» **What is required**:
Every entry below must appear again, exactly as written.
----- Data extract -----
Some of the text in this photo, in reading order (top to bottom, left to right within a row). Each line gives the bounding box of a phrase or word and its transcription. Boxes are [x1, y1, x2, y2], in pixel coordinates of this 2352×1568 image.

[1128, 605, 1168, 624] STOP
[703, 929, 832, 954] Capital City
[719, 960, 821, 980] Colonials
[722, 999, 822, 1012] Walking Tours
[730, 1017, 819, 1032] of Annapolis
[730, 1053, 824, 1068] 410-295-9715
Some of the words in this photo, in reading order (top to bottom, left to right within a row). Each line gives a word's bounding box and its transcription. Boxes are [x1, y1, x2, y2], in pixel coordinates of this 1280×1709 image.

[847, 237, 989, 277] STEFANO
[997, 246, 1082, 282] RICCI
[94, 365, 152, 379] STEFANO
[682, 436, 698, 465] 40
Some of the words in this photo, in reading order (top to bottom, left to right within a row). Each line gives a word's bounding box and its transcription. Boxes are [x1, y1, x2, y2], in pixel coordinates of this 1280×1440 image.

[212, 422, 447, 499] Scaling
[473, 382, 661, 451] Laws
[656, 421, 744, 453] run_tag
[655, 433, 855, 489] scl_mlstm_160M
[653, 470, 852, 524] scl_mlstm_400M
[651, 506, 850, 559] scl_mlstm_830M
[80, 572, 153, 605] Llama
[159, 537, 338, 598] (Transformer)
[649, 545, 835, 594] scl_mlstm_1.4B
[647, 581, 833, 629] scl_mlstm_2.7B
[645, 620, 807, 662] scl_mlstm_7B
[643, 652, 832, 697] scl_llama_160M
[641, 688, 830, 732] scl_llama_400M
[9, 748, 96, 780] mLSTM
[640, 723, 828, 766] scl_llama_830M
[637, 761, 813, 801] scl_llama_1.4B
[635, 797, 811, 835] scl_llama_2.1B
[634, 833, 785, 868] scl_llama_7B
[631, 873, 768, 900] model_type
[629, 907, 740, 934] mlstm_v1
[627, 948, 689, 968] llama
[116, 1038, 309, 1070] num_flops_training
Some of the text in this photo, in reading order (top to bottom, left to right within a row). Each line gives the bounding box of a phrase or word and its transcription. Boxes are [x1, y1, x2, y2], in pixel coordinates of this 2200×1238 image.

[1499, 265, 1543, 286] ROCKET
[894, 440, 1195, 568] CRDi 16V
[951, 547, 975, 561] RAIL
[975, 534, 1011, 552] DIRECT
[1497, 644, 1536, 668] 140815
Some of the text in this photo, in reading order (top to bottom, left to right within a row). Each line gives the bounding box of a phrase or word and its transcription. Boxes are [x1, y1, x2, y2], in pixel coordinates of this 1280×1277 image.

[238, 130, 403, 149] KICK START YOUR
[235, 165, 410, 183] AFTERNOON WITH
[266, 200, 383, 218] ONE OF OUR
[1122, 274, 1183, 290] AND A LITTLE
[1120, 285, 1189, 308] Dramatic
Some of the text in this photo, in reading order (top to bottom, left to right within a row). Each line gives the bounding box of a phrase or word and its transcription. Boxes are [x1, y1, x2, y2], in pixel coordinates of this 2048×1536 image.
-----
» **Exercise output**:
Some of the text in this photo, in reading order (top to bottom, left to right within a row). Each line gives the bounding box of a phrase or word and its transcription. Boxes are [x1, y1, x2, y2], in pixel coordinates of this 2352×1568 image.

[1128, 605, 1168, 624] STOP
[703, 929, 832, 954] Capital City
[719, 960, 821, 980] Colonials
[722, 999, 822, 1012] Walking Tours
[730, 1017, 819, 1032] of Annapolis
[730, 1053, 824, 1068] 410-295-9715
Some of the words in this photo, in reading order (top to bottom, left to right within a row). Each line gives a word's bounding box and its transcription. Boxes are [x1, y1, x2, y2], in pixel coordinates of this 1280×1709 image.

[847, 237, 989, 277] STEFANO
[997, 246, 1082, 282] RICCI
[94, 365, 152, 379] STEFANO
[682, 436, 698, 465] 40
Some of the words in this photo, in reading order (top to bottom, left to right within a row). Each line gives a word's bounding box and its transcription. Boxes are [x1, y1, x2, y2], in pixel coordinates of this 1280×1440 image.

[212, 422, 447, 499] Scaling
[473, 382, 661, 451] Laws
[656, 421, 744, 453] run_tag
[655, 433, 855, 489] scl_mlstm_160M
[653, 470, 852, 524] scl_mlstm_400M
[651, 506, 850, 559] scl_mlstm_830M
[80, 572, 153, 605] Llama
[159, 537, 338, 598] (Transformer)
[649, 545, 835, 594] scl_mlstm_1.4B
[647, 581, 833, 629] scl_mlstm_2.7B
[645, 620, 807, 662] scl_mlstm_7B
[643, 652, 832, 697] scl_llama_160M
[641, 688, 830, 732] scl_llama_400M
[9, 748, 96, 780] mLSTM
[640, 723, 828, 766] scl_llama_830M
[637, 761, 813, 801] scl_llama_1.4B
[635, 797, 811, 835] scl_llama_2.1B
[634, 833, 785, 868] scl_llama_7B
[631, 873, 768, 900] model_type
[629, 907, 740, 934] mlstm_v1
[627, 948, 689, 968] llama
[116, 1038, 309, 1070] num_flops_training
Some of the text in this photo, in reading order (top to bottom, left to right within a row). Each line gives the bounding box of a phrase or word and its transcription. Boxes are [x1, y1, x2, y2], in pixel coordinates of this 2200×1238 image.

[1499, 265, 1543, 286] ROCKET
[894, 440, 1195, 568] CRDi 16V
[951, 547, 975, 561] RAIL
[975, 534, 1011, 552] DIRECT
[1497, 644, 1536, 668] 140815
Some of the text in this photo, in reading order (top to bottom, left to right within a row). Each line gives the bounding box of a phrase or word and its transcription. Boxes are [x1, y1, x2, y2], in pixel coordinates of this 1280×1277 image.

[238, 130, 403, 149] KICK START YOUR
[235, 165, 410, 183] AFTERNOON WITH
[266, 200, 383, 218] ONE OF OUR
[1122, 274, 1183, 290] AND A LITTLE
[1120, 285, 1189, 308] Dramatic
Some of the text in this photo, in reading order (top to bottom, left to right within a row). Each line gives the bounding box of a phrase or word and its transcription. Boxes are [x1, y1, x2, y2], in pixel coordinates of this 2048×1536 image.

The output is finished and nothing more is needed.